# Well - water pressure issue ?



## drwink (Oct 15, 2003)

I have a well for a water source in our home.
Latley there has been fluctuating water pressure. I noticed in the basement where the water comes in there is a electrical devise, maybe a pressure switch or something that keeps clicking on & off.
Seems it clicks then you hear a little purge go into that blue tank(don't know what its called but I think it has pressure in it and maybe a bladder or something)
When it clicks & you hear the purge the water pressure picks up, then it clicks and it drops. This is a constant every 3-4 seconds and the water speeds up then slows down.
Can anybody explain whats going on and what needs to be done to correct this ?

Much appreciated, thanks

Wally


----------



## Laketrotter (Jan 26, 2008)

It sounds like your well is constantly cycling on and off and that can lead to a burned out well pump if you don't get it fixed soon. The clicking is the pressure switch turning on and then off. That could be due to the pressure tank went bad or a leak in the pipe inside of the well. I would say call a well man and have him check it out.


----------



## FishTales (Feb 13, 2002)

Your holding tank has an air bladder in it.

When the pump runs it builds up pressure in the tank, thus it compresses the air bladder.
If the air bladder has lost some air, it won't take as much water pressure to compress the bladder.
When you open a faucet, you release the water, the air bladder help push the water and you get good water pressure (flow).
When the pressure gets low enough, the pump kicks in and fills the tank again.

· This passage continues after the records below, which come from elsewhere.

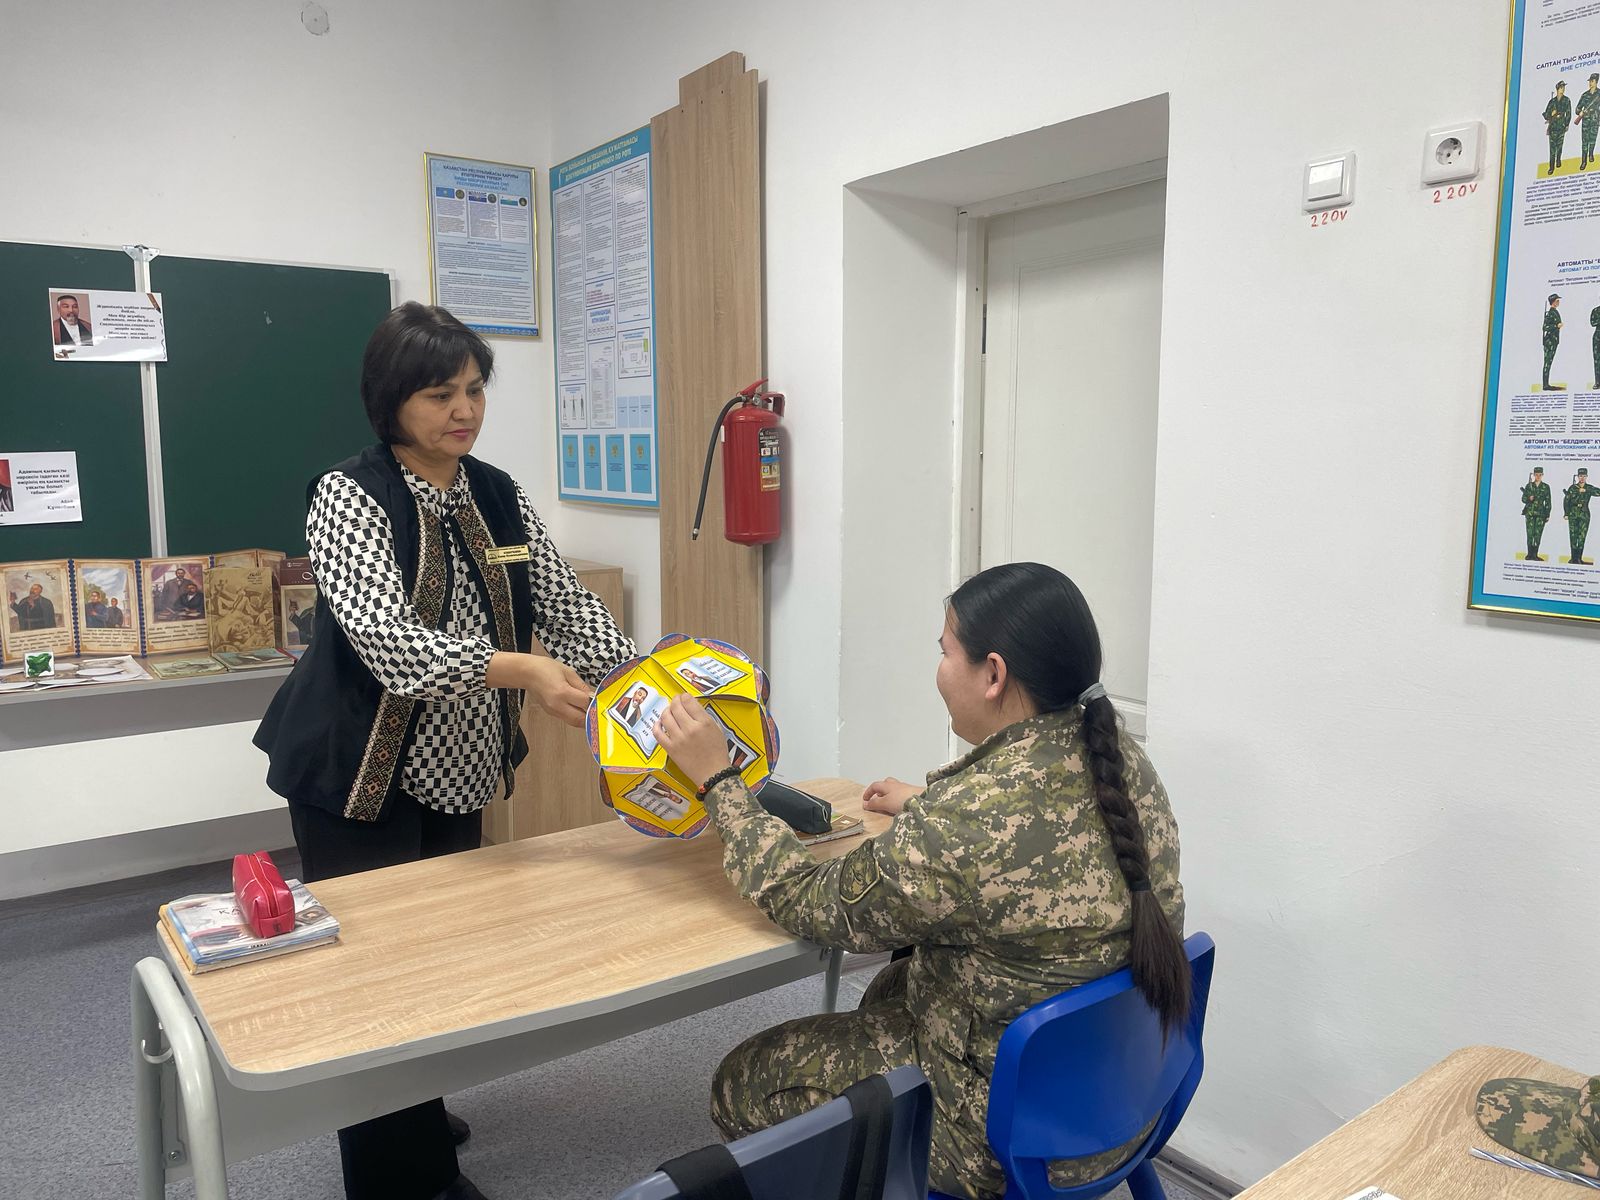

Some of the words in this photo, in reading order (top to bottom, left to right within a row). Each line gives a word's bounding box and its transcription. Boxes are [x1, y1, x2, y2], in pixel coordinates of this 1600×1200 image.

[1578, 51, 1600, 62] ҚОЗҒА
[1574, 60, 1596, 69] СТРОЯ
[1433, 184, 1478, 204] 220V
[1311, 210, 1348, 228] 220V
[1557, 260, 1594, 268] АВТОМАТТЫ

The electrical box you refer to is a pressure switch, pressure gets low, you hear it click, the pump starts running.
The pump fills the holding tank, compressing the air bladder till you get to about 40 psi, then you hear the pressure switch click again and shuts off the pump.
With all the faucets closed you should be holding pressure.

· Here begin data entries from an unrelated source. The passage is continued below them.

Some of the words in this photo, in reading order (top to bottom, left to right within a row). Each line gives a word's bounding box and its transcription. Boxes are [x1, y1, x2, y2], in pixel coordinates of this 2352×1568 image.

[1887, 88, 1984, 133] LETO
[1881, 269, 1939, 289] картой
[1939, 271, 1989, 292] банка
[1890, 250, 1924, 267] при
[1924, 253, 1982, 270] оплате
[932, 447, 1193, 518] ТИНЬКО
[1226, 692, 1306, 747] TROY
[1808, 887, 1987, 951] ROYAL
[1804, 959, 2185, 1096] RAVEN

If you watch the pressure gauge and see it dropping, you are draining back to the well.
This could be caused by one of two things, either a stone is caught in your check valve, or you have a leaky pipe somewhere between the check valve and house.

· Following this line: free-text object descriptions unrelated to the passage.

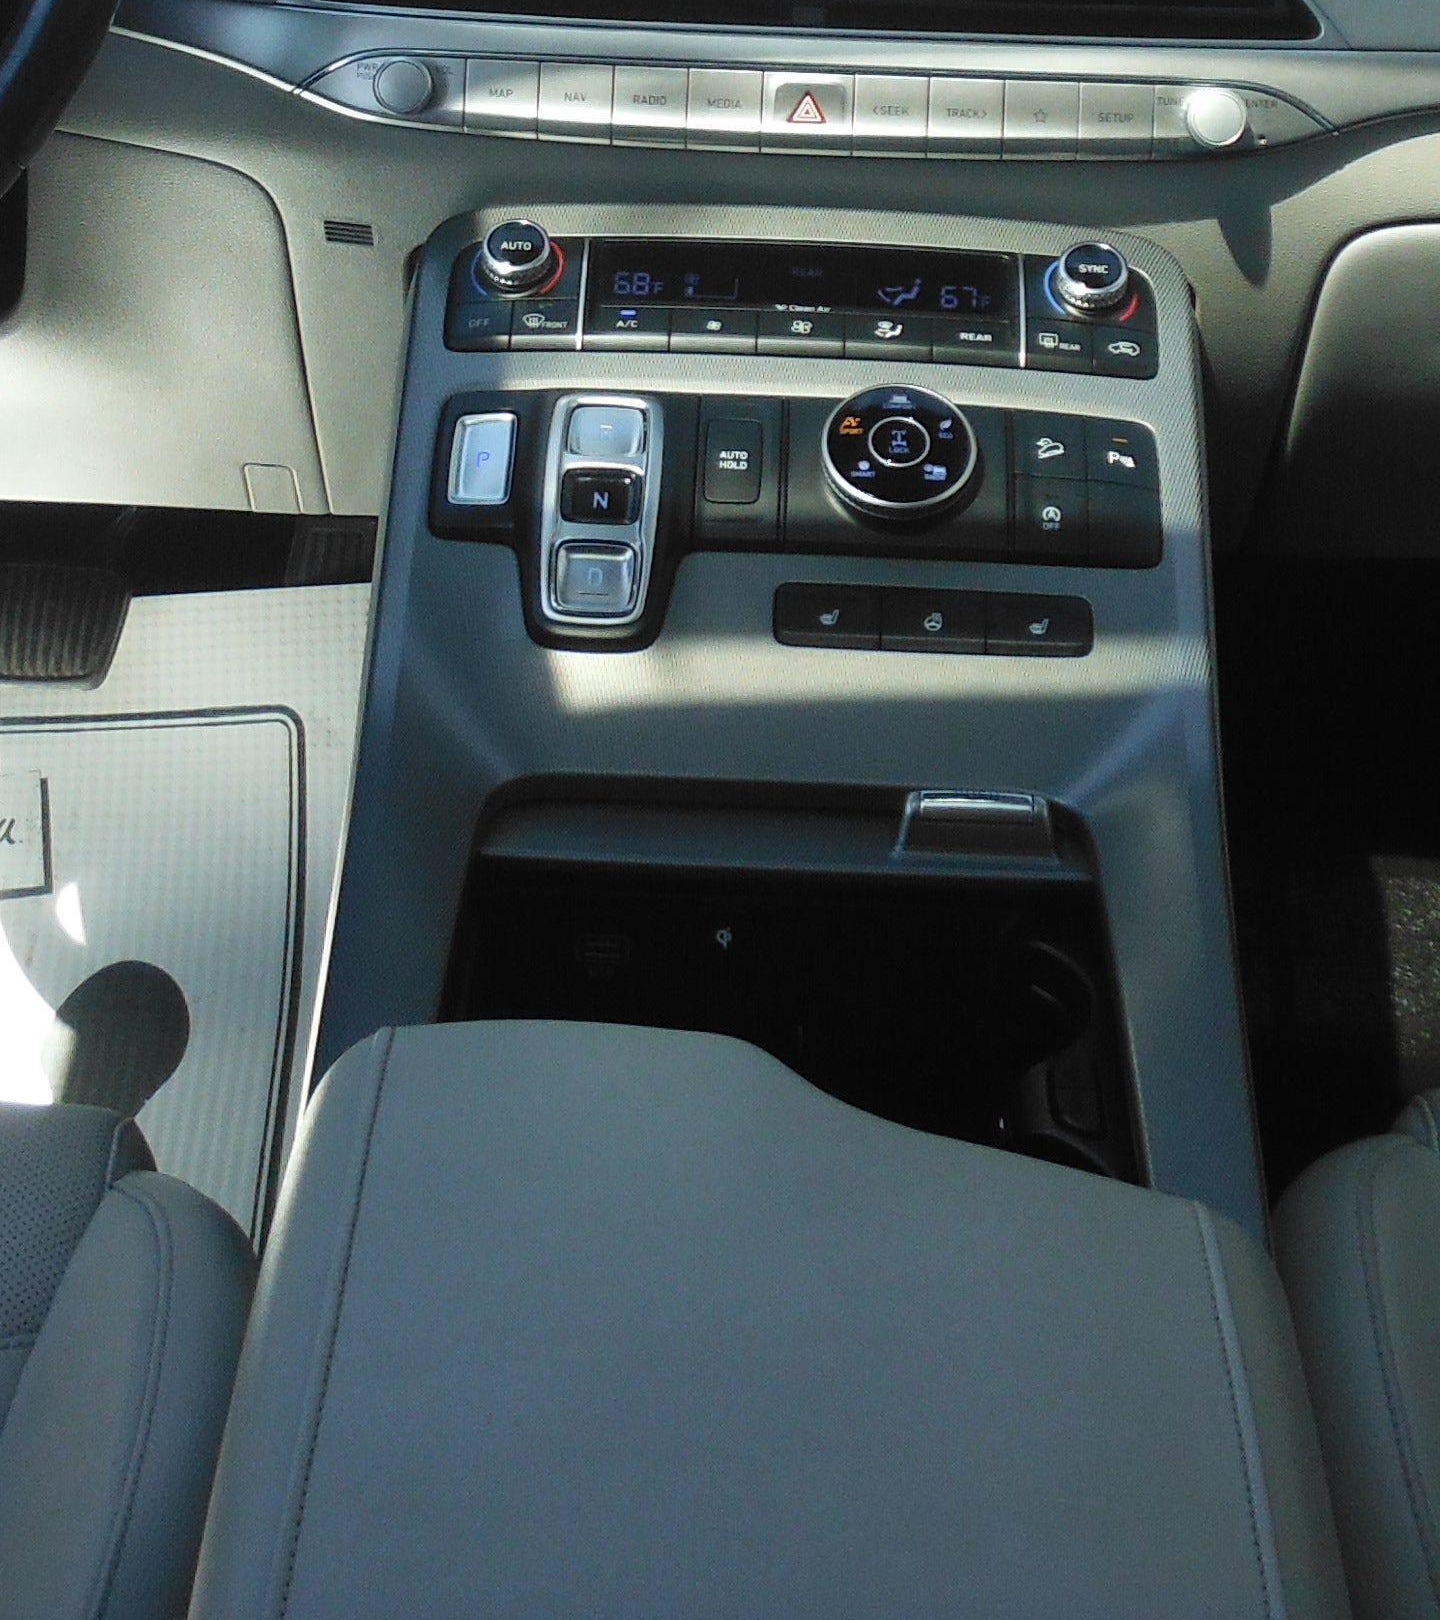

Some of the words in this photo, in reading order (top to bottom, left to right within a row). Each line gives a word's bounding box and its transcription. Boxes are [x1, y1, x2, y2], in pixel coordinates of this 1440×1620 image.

[489, 88, 513, 99] MAP
[564, 91, 587, 103] NAV
[633, 95, 667, 106] RADIO
[707, 98, 742, 110] MEDIA
[1097, 111, 1135, 123] SETUP
[500, 240, 532, 252] AUTO
[1078, 263, 1109, 275] SYNC
[468, 317, 490, 328] OFF
[542, 319, 568, 329] FRONT
[616, 319, 638, 329] A/C
[960, 332, 992, 343] REAR
[1059, 342, 1081, 352] REAR
[476, 451, 490, 467] P
[719, 450, 748, 460] AUTO
[719, 460, 748, 470] HOLD
[593, 491, 609, 510] N

I had two sisters that lived in the country outside of Alpena.
One had a stone caught in the check valve, thus it wouldn't close and allowed the water to drain back to the well.
The other one had a broken pipe between the well and the house, same effect, water drained back to the well.

I hope this explains how the system works.
Rich


----------



## icecathound (Feb 16, 2006)

you can check the tank by looking to see what pressure the pump turns on at then shut the power off to the well open a faucet and let the water run till it stops now on the tank usually on the top is a air valve like on a tire check the pressure there it should be about 2 psi below what the pump turned on at say your pump kicked on at 40 and run up to 60 psi you should have 38 psi at that air valve if you dont you need a new tank if the pressure is good at the air valve then the problem is in the line before it gets to the house


----------



## 22 Chuck (Feb 2, 2006)

Most likely the pressure gauge is all rusted/corroded and dont work. They get that way in 2-3 years. 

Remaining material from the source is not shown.